There is no magic bullet that can solve all the health service’s problems, but there are several approaches leaders could explore to alleviate them. First up, the wellbeing of healthcare professionals needs to be an absolute priority following the pandemic, says McKeown at the BMA. “The impact on their mental and emotional health cannot be underestimated. Meanwhile many will have had COVID-19 and will still be suffering the long-term consequences.”
She would like to see full occupational and mental health services offered to staff, as well as supported phased returns for those who have had to take sick leave. A silver lining to the pandemic is that the public has never been more aware of the amazing work healthcare staff do. And there is renewed interest in wanting to work for the NHS. Applications to nurses courses in England rose by 17 per cent last year compared to 2019, with 28,920 students starting a nursing degree in autumn 2020.
If the government wants to protect the NHS, it must stop neglecting its poorer cousin, social care, says Warren at The King’s Fund. The pandemic has shone a light on the difficulties many older people face; a large proportion of COVID deaths have occurred in care homes, for instance. But unlike healthcare, elderly care is rarely free of charge and most people have to pay at least some of the eye-watering fees themselves.
In 2019, think tank the Institute for Public Policy Research claimed giving free social care to the over-65s could save the NHS £4.5 billion every year by allowing more elderly people to get help in the community instead of ending up in hospital. For years, leaders have promised reforms to the social care system, but no concrete plans have emerged.
This could be set to finally change. In February, a Department of Health and Social Care white paper stated that a roadmap for social care would be announced later in the year. As well as new social care funding models, Warren would like to see more ways of delivering support for older people. A care home doesn’t have to be the only option for those who can no longer live independently. Building more extra-care housing, accommodation that includes personal care such as help with washing, getting dressed and preparing meals, is one possible solution, she suggests.
The old adage that prevention is better than cure has never been more relevant. Leaders need to focus on improving the health of the nation, says the College of Medicine’s Dixon, and even injecting the NHS with unlimited cash won’t achieve that. Improving housing, working conditions and giving patients more agency in their wellbeing could mean they won’t need a hospital bed in the future.

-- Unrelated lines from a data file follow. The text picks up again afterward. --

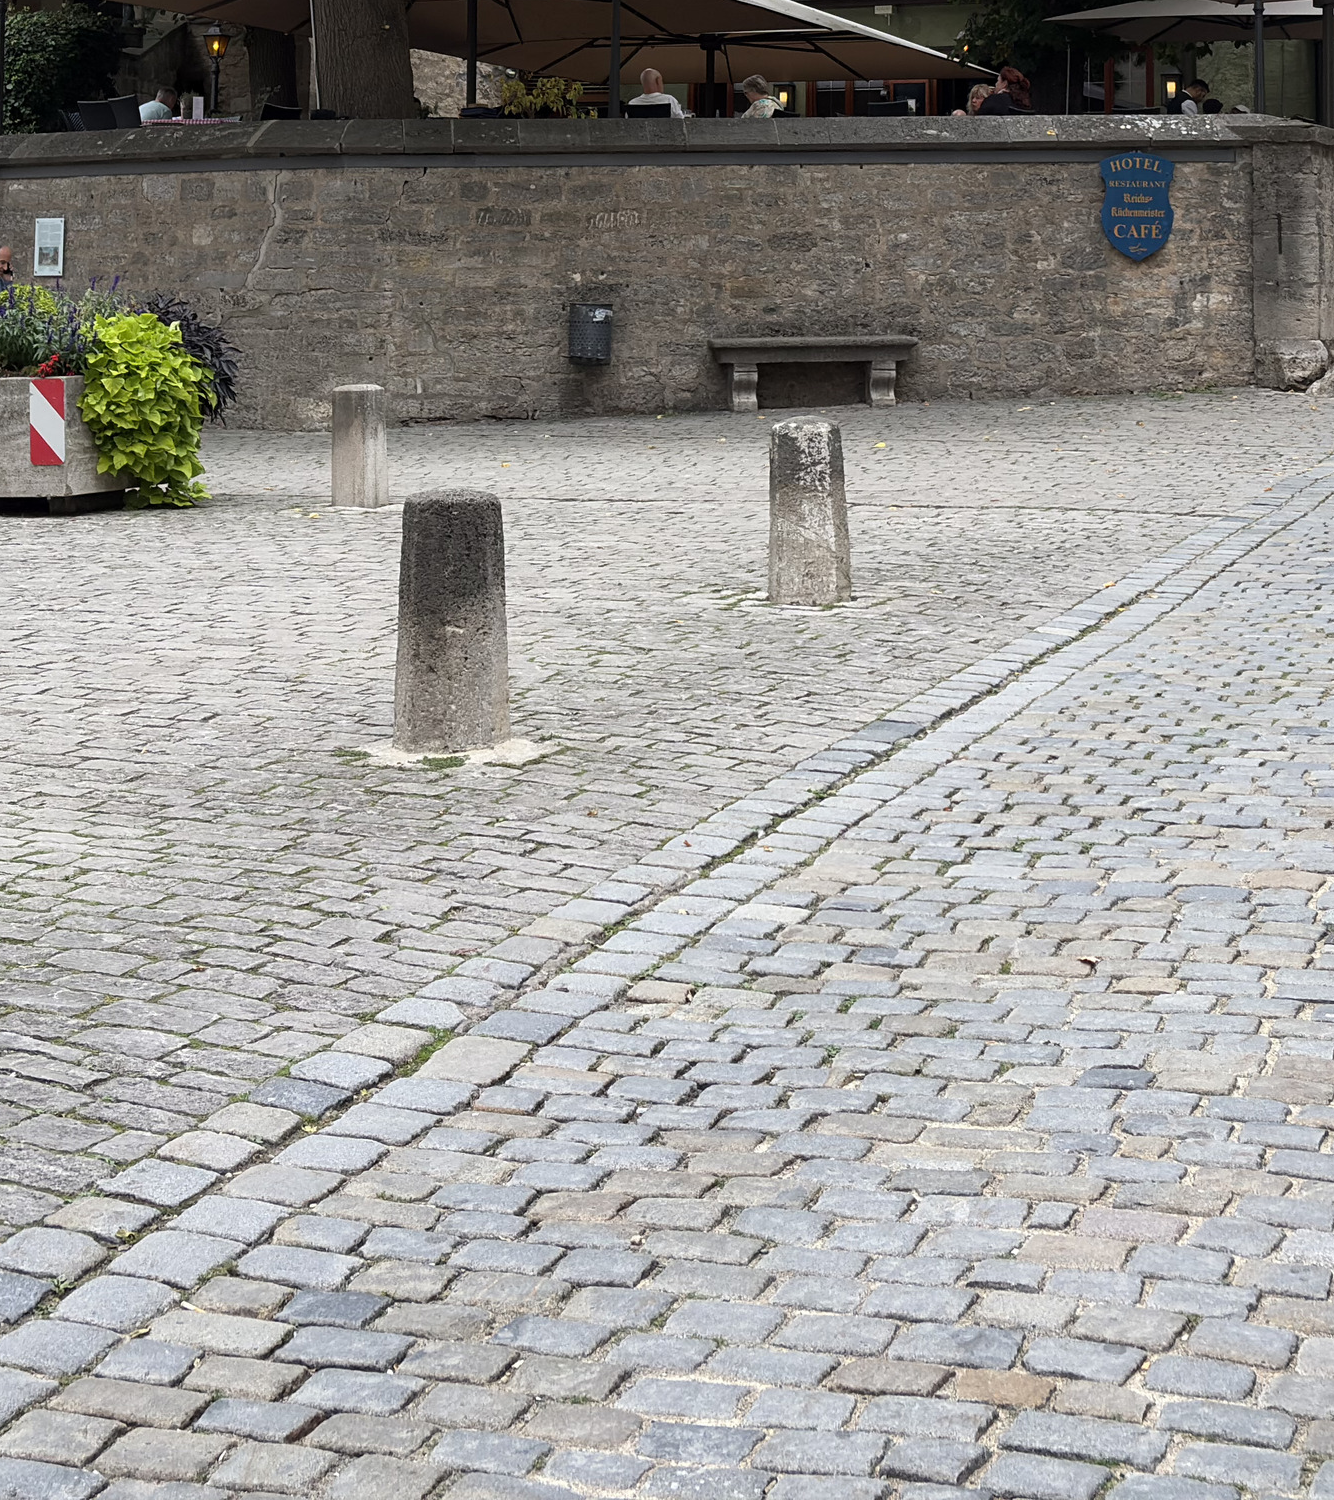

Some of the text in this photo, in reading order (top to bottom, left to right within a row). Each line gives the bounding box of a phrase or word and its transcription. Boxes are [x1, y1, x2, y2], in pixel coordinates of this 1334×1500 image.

[1109, 157, 1162, 173] HOTEL
[1109, 180, 1166, 188] RESTAURANT
[1110, 206, 1165, 217] Küchenmeister
[1113, 220, 1163, 239] CAFÉ
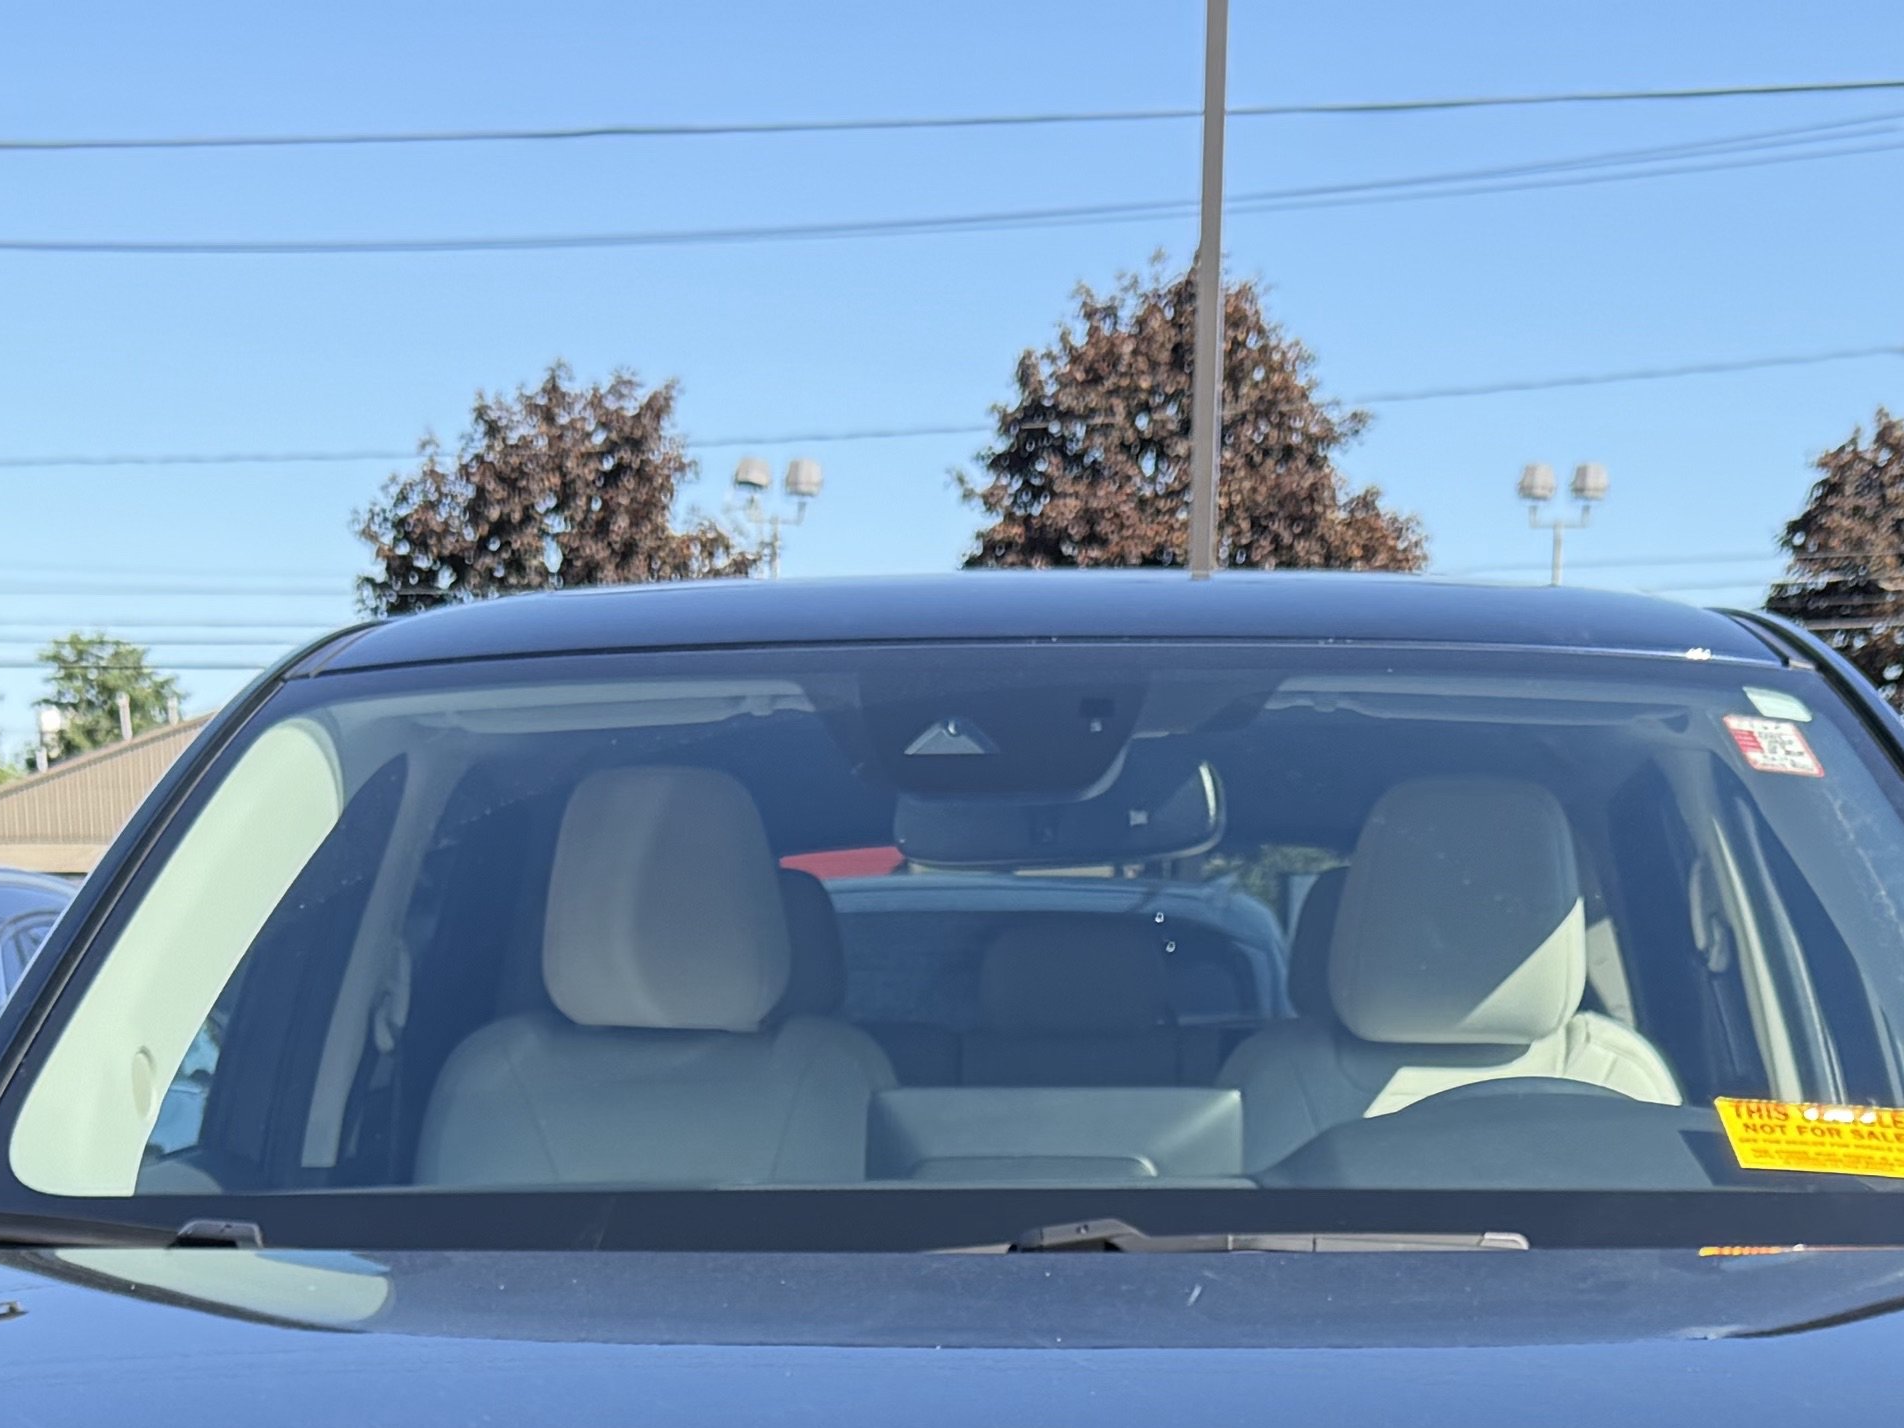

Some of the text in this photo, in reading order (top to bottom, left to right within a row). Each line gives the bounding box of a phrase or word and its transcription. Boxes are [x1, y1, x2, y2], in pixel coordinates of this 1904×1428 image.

[1734, 1102, 1789, 1122] THIS
[1743, 1122, 1787, 1136] NOT
[1796, 1125, 1841, 1139] FOR
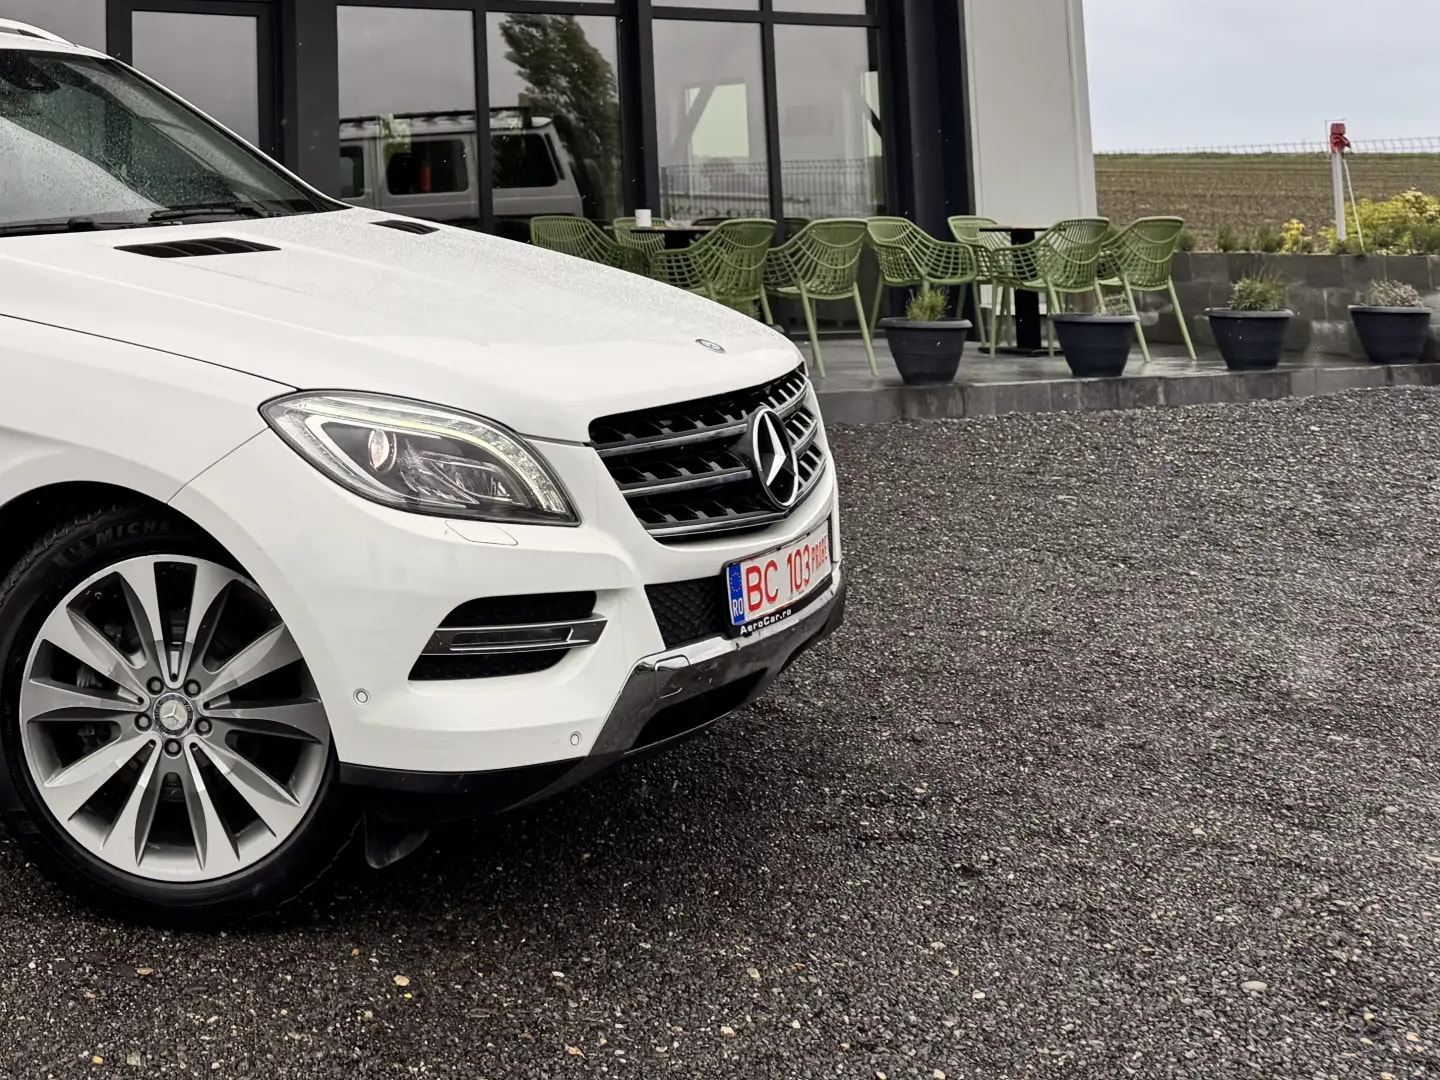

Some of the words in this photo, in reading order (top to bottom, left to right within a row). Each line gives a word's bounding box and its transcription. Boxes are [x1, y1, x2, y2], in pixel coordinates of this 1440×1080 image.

[732, 598, 744, 617] RO
[745, 560, 779, 612] BC
[787, 544, 811, 593] 103
[740, 609, 792, 635] AeroCar.ro
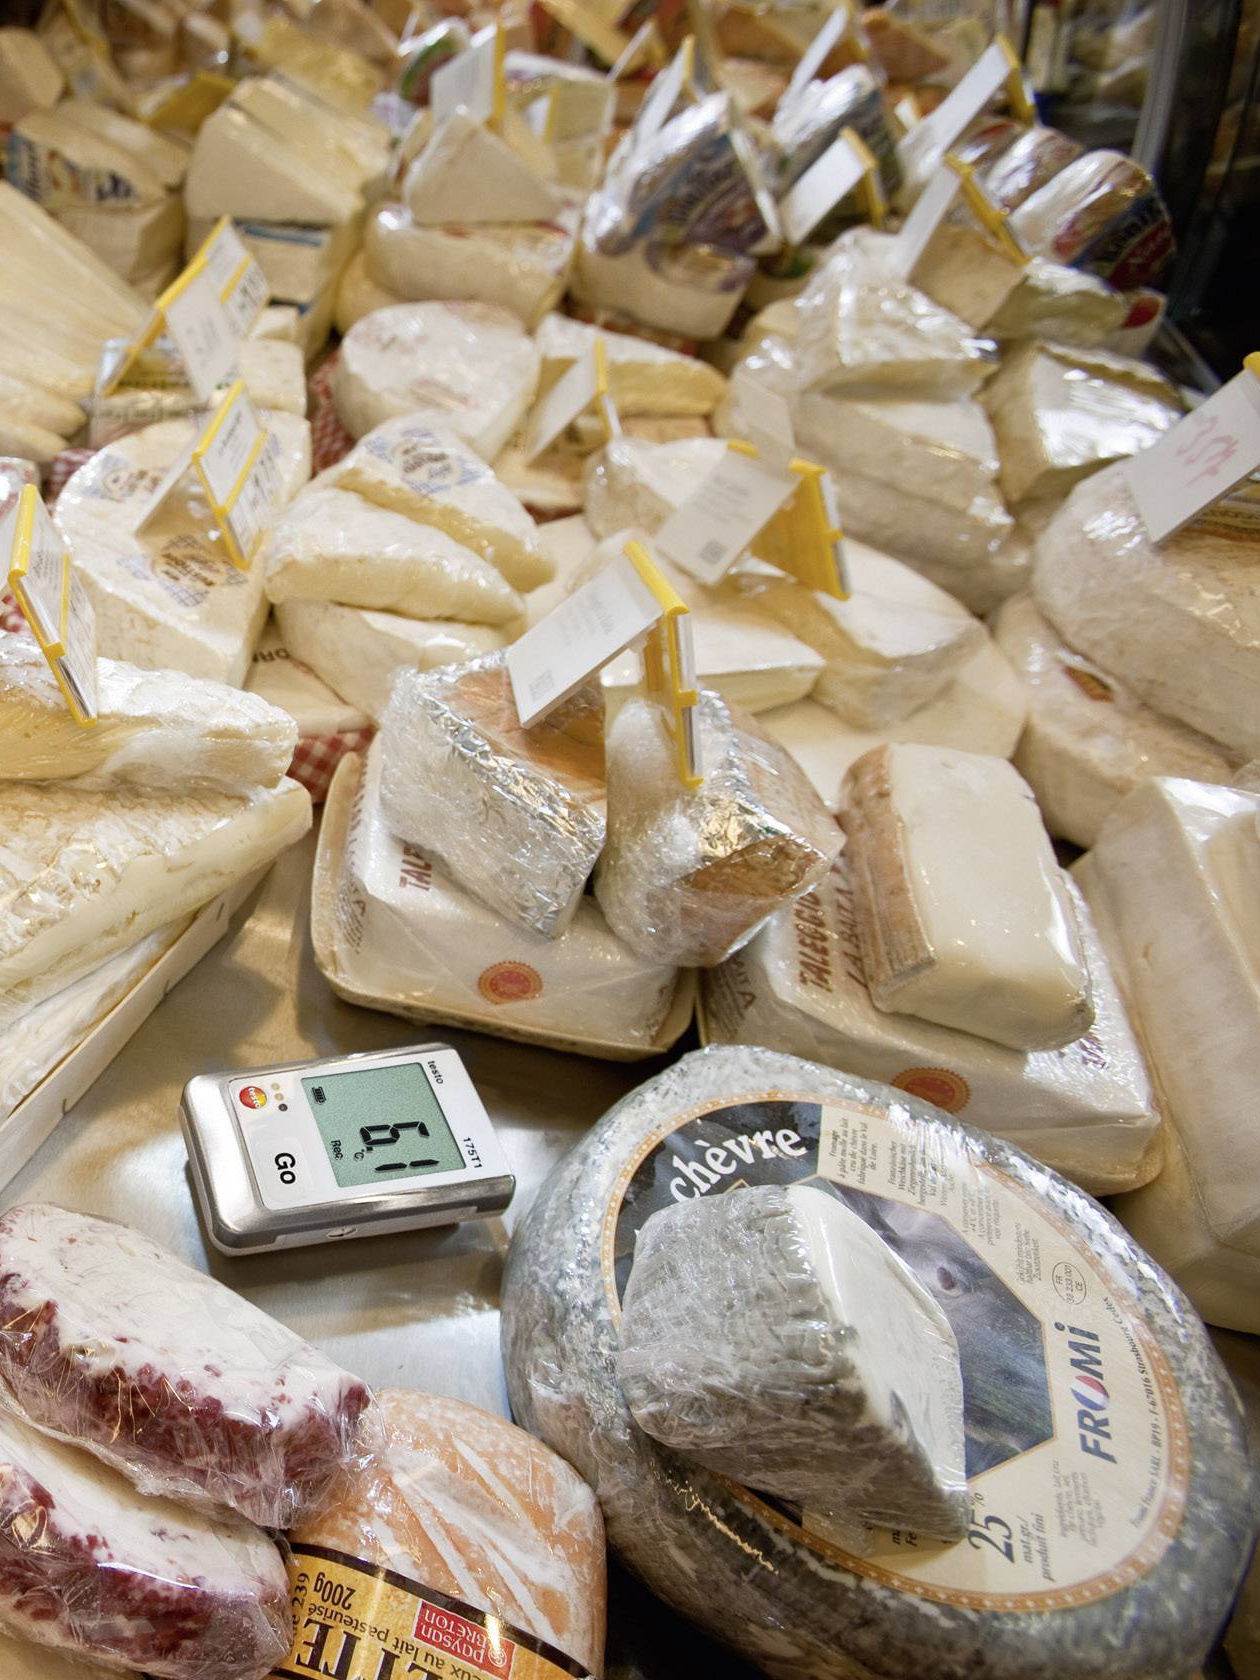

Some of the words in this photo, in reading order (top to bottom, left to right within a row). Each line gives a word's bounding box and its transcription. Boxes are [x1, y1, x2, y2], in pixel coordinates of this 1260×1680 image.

[427, 1060, 445, 1086] testo
[331, 1139, 344, 1162] Rec
[462, 1136, 483, 1169] 175T1
[669, 1128, 808, 1203] chèvre
[273, 1152, 297, 1185] Go
[291, 1572, 311, 1608] 239
[313, 1571, 357, 1611] 200g
[307, 1602, 391, 1643] pasteurisé
[392, 1636, 421, 1664] lait
[420, 1622, 486, 1664] paysan
[423, 1652, 446, 1671] au

Social prescribing, where GPs connect patients to non-clinical community services such as gardening groups or financial advice sessions, could also have a big impact. And Dixon thinks building on the community spirit that was so evident in the UK during the first wave of the pandemic will lead to healthier, more resilient communities. “The nation is going to have to roll up its sleeves,” he says. “Ask not what the NHS can do for you, but what you can do for the NHS.”
Why retention is as much a worry as recruitment in the NHS
Ensuring staff stay in the healthcare service is just as important as hiring them. Failure to boost morale will lead to a mass exodus of talented medical professionals from the NHS, warns Dr Michael Dixon, chair of the College of Medicine.
He says the NHS “has not been a good employer” in recent years. “When I was a young doctor, we were given breakfast after on-call nights, I had a room I could sleep in if I needed to and I could park my car at the hospital,” he says. “But young doctors can’t do any of those things. They’ve not been respected as people who have made a personal sacrifice and that’s created a problem.”
Pay has been another thorny issue for healthcare workers. In March, the Department of Health and Social Care recommended a 1 per cent pay rise for nurses, a figure unions have blasted as “insulting”. The Royal College of Nursing warns large numbers could leave the nursing profession this year as a result.